_Exercise goal:_ Give the data below again exactly as written, but without the pictures.

::::::::::

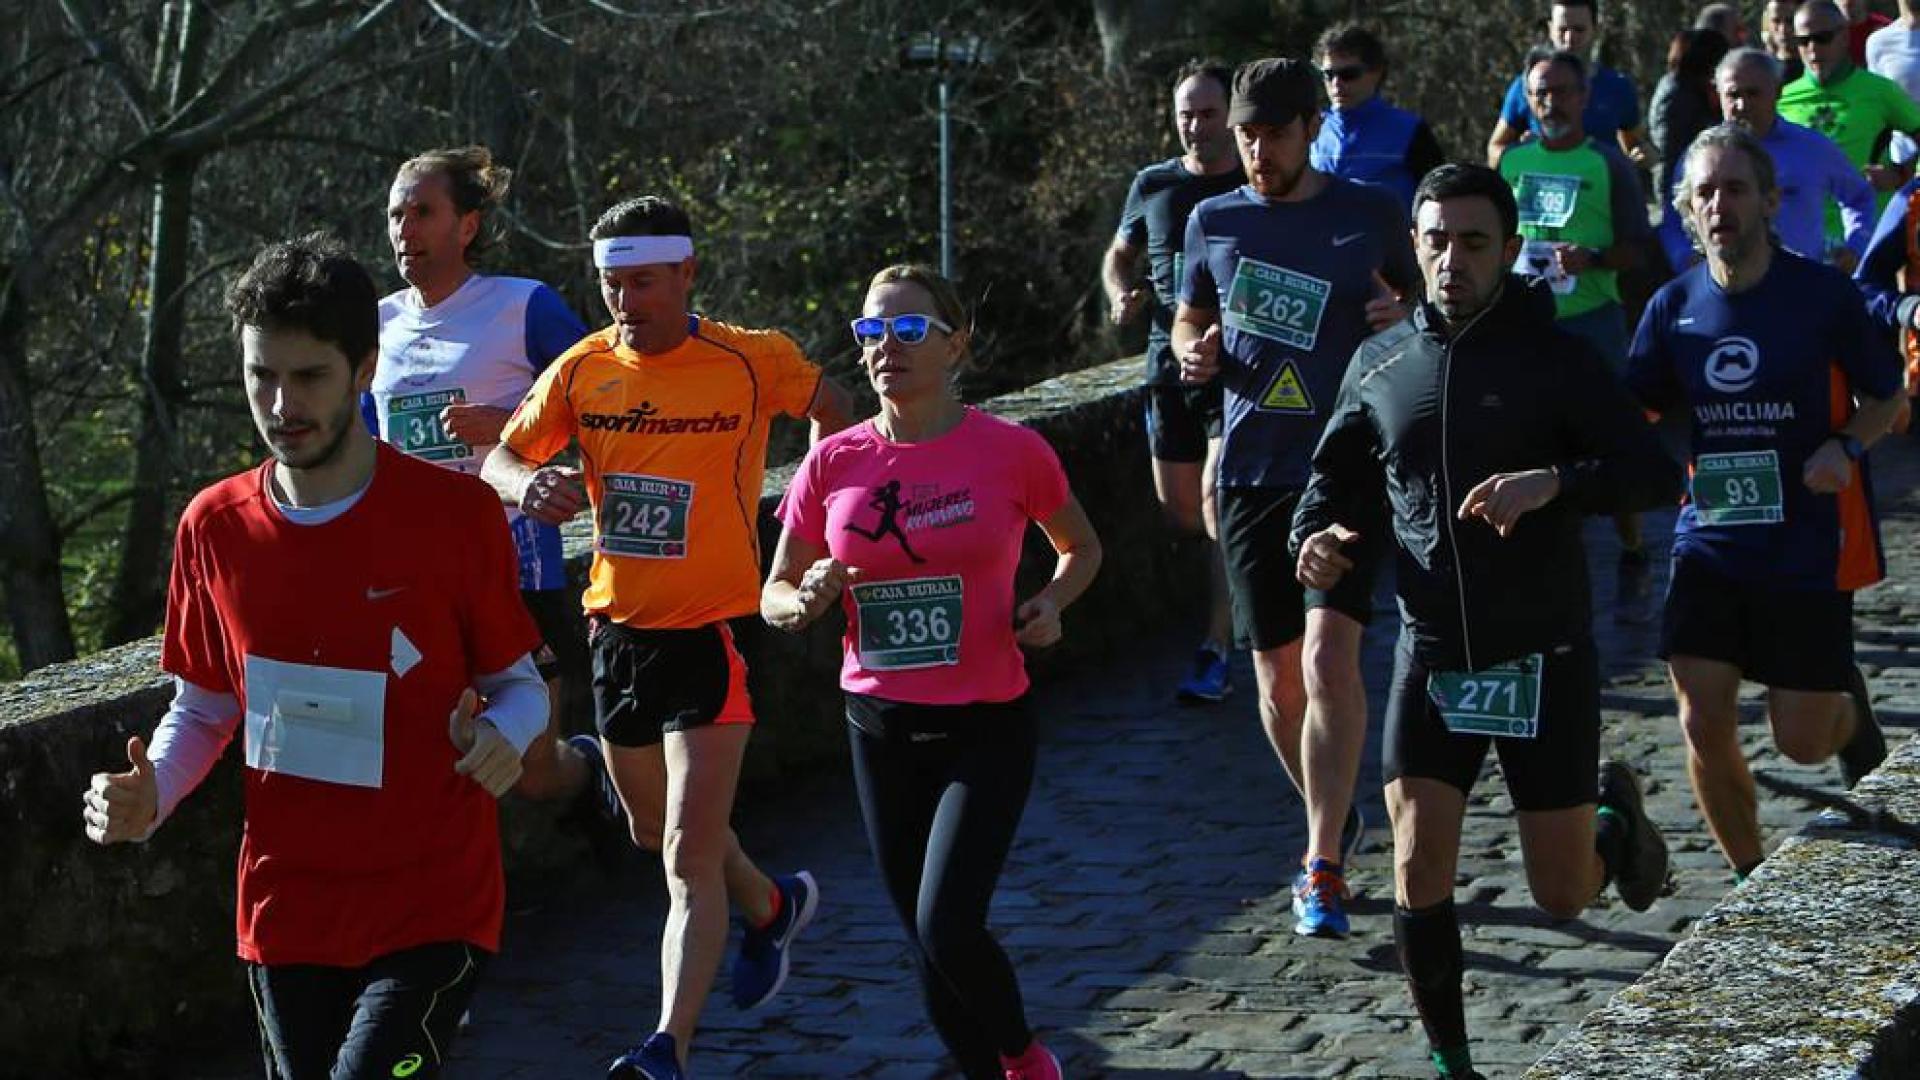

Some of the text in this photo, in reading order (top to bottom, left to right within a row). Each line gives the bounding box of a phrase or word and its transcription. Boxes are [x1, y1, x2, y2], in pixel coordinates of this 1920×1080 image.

[1253, 289, 1308, 328] 262
[409, 413, 450, 446] 31
[1725, 477, 1761, 505] 93
[615, 501, 672, 536] 242
[872, 582, 959, 600] CAJA RURAL
[887, 606, 951, 645] 336
[1457, 679, 1518, 714] 271

::::::::::

_Expected answer:_
Some of the text in this photo, in reading order (top to bottom, left to right within a row). Each line gives the bounding box of a phrase or word and its transcription. Boxes are [x1, y1, x2, y2], in pixel coordinates of this 1920×1080 image.

[1253, 289, 1308, 328] 262
[409, 413, 450, 446] 31
[1725, 477, 1761, 505] 93
[615, 501, 672, 536] 242
[872, 582, 959, 600] CAJA RURAL
[887, 606, 951, 645] 336
[1457, 679, 1518, 714] 271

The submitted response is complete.